I
wanted to post this so that, when things are completely back to normal (and
yes, Dr. Fauci, they will be), and covid is but a fading memory, we’ll all
remember the day we turned the corner and began to put it behind us.
But
first, a few inconvenient facts.
I
know of a person whose relative was dying. While in the hospital, the relative
was tested for the viru$, and the test result was negative. When the relative
entered the phase of actively dying, hospital officials informed the family
that they were going to move her into the covid wing. The family asked why, since
her test was negative, and were told, “We move everyone who’s dying into the
covid wing.”
Fortunately,
this family pushed back. Another relative was traveling to be with her in her
final days, and he wouldn’t have been able to see her if she was in isolation
in the covid wing. So they insisted she not be moved, and she wasn’t. How many
families would not push back, would just follow the direction of the hospital
authorities?
This
is an actual story, from a reliable source who has no motivation to make it up.

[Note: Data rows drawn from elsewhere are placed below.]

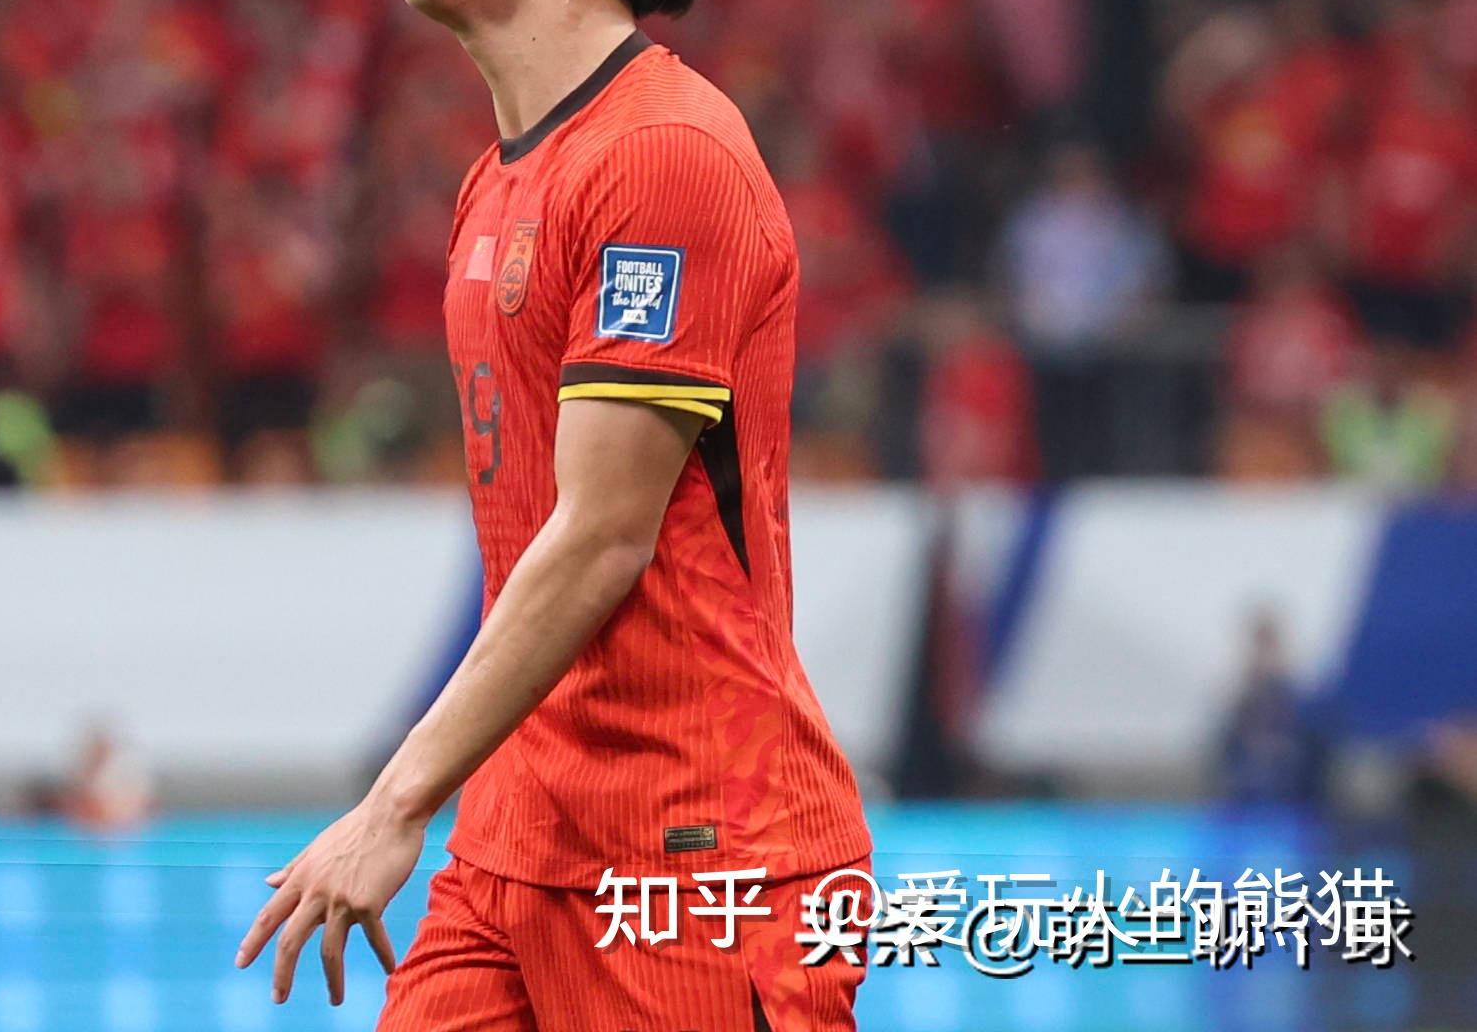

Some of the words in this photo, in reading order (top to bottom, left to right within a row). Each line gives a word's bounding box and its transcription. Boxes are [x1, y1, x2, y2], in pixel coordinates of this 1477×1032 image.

[616, 260, 664, 276] FOOTBALL
[615, 274, 664, 294] UNITES
[611, 291, 630, 307] the
[452, 362, 502, 485] 9
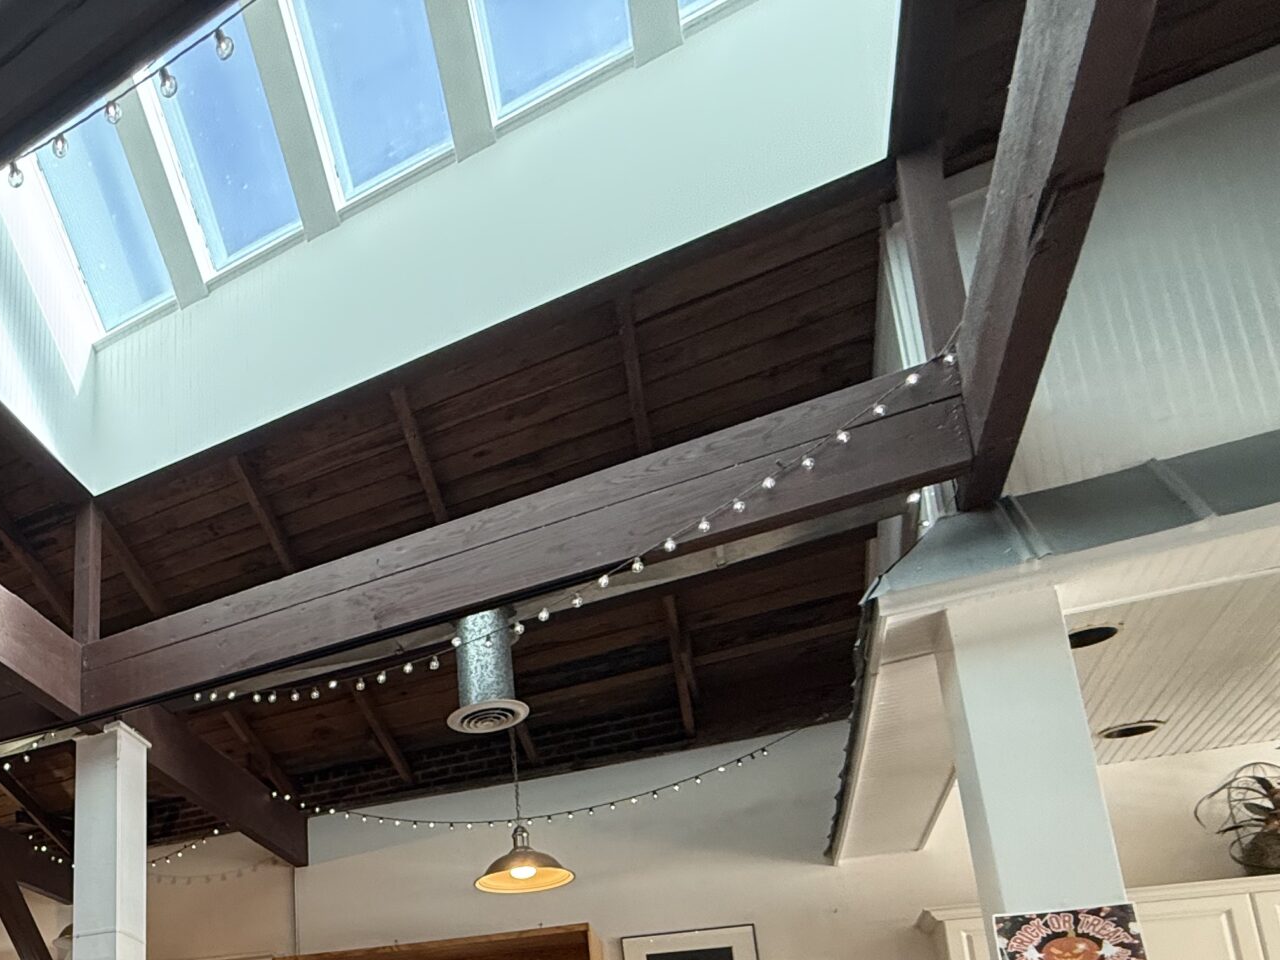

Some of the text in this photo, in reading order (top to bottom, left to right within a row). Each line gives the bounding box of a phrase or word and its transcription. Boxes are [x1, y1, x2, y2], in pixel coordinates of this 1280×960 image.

[1008, 913, 1134, 952] TRICK OR TREAT
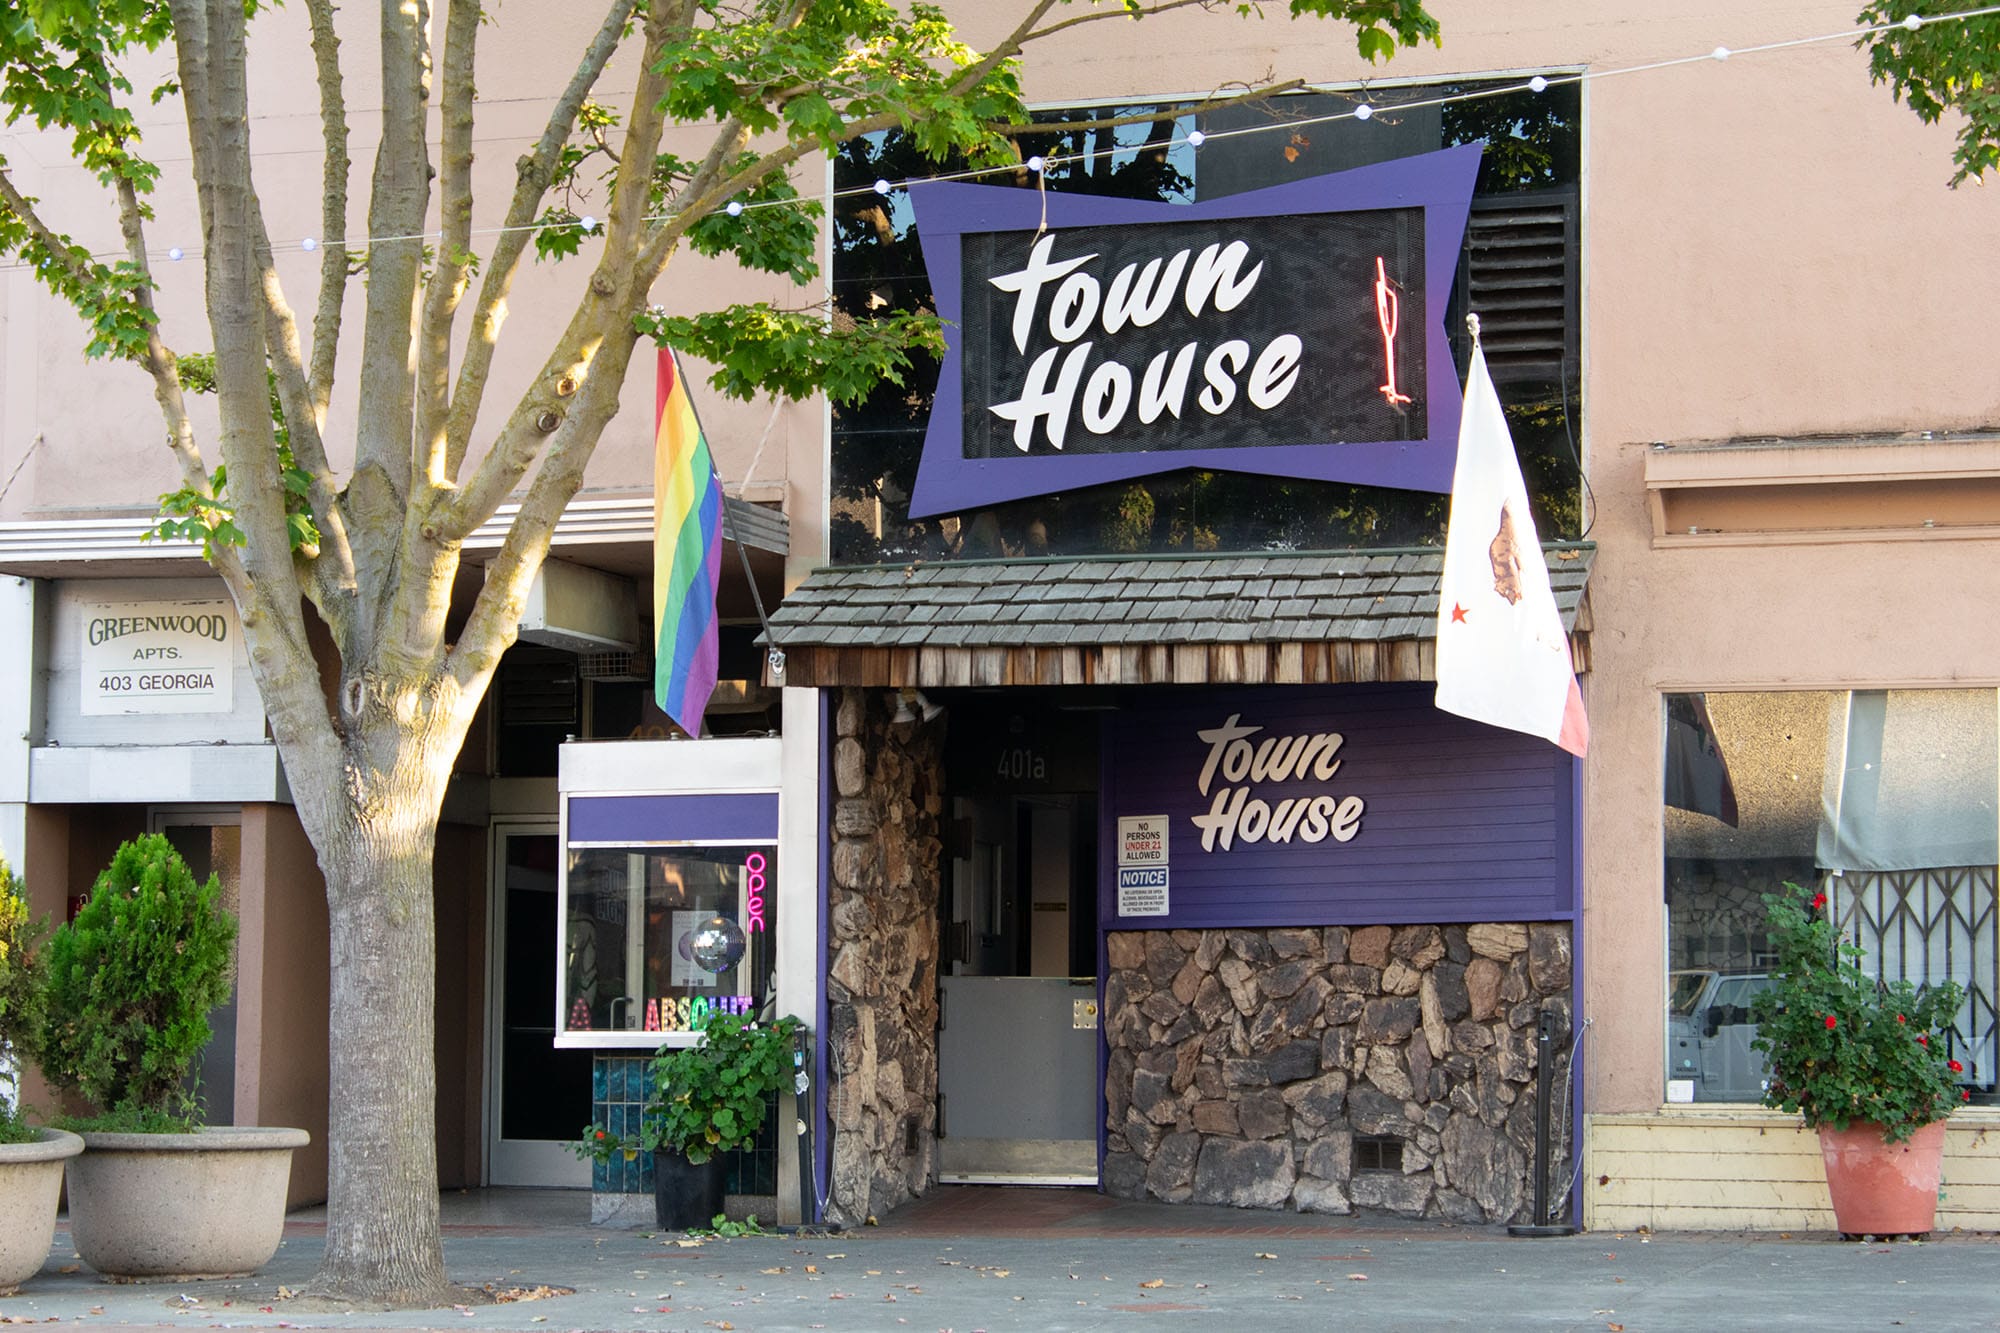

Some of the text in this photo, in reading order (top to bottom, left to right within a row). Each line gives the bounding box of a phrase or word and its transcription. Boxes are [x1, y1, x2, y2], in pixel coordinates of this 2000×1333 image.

[89, 615, 227, 646] GREENWOOD
[133, 647, 182, 660] APTS.
[99, 674, 214, 691] 403 GEORGIA
[998, 750, 1045, 779] 401a
[1138, 822, 1149, 831] NO
[1126, 831, 1160, 841] PERSONS
[1125, 841, 1162, 850] UNDER 21
[1126, 851, 1161, 860] ALLOWED
[1121, 871, 1166, 886] NOTICE

It happened. “Ah,” you say, “but it’s just one person.” Pay attention: “We move
everyone who’s dying into the covid wing.” Everyone. You know how
many people die every day, in any given hospital in the U.S.? You know how many
hospitals are doing this?
And
why move them into the covid wing? So that it can be classified as a covid
death. And that puts the $ in viru$, because the CARES Act provides a 20%
premium for Medicare payments to hospitals for covid patients.
Now,
numerous online “fact-checking” sources (all with a liberal bias) have asserted
that there is no evidence that covid numbers are being inflated for the
purposes of hospitals cashing in on that premium. But they admit the premium is
there, and that is undeniably an incentive. So if those numbers aren’t being
inflated …
Why
is a hospital moving every dying patient into the covid wing, even if
they have a negative test result?
This
points to an overstatement of mortality due to the viru$. Lest you doubt that,
recall that the state of Colorado had to adjust their death count downward
several months ago, as attending physicians’ diagnoses of cause of death (COD)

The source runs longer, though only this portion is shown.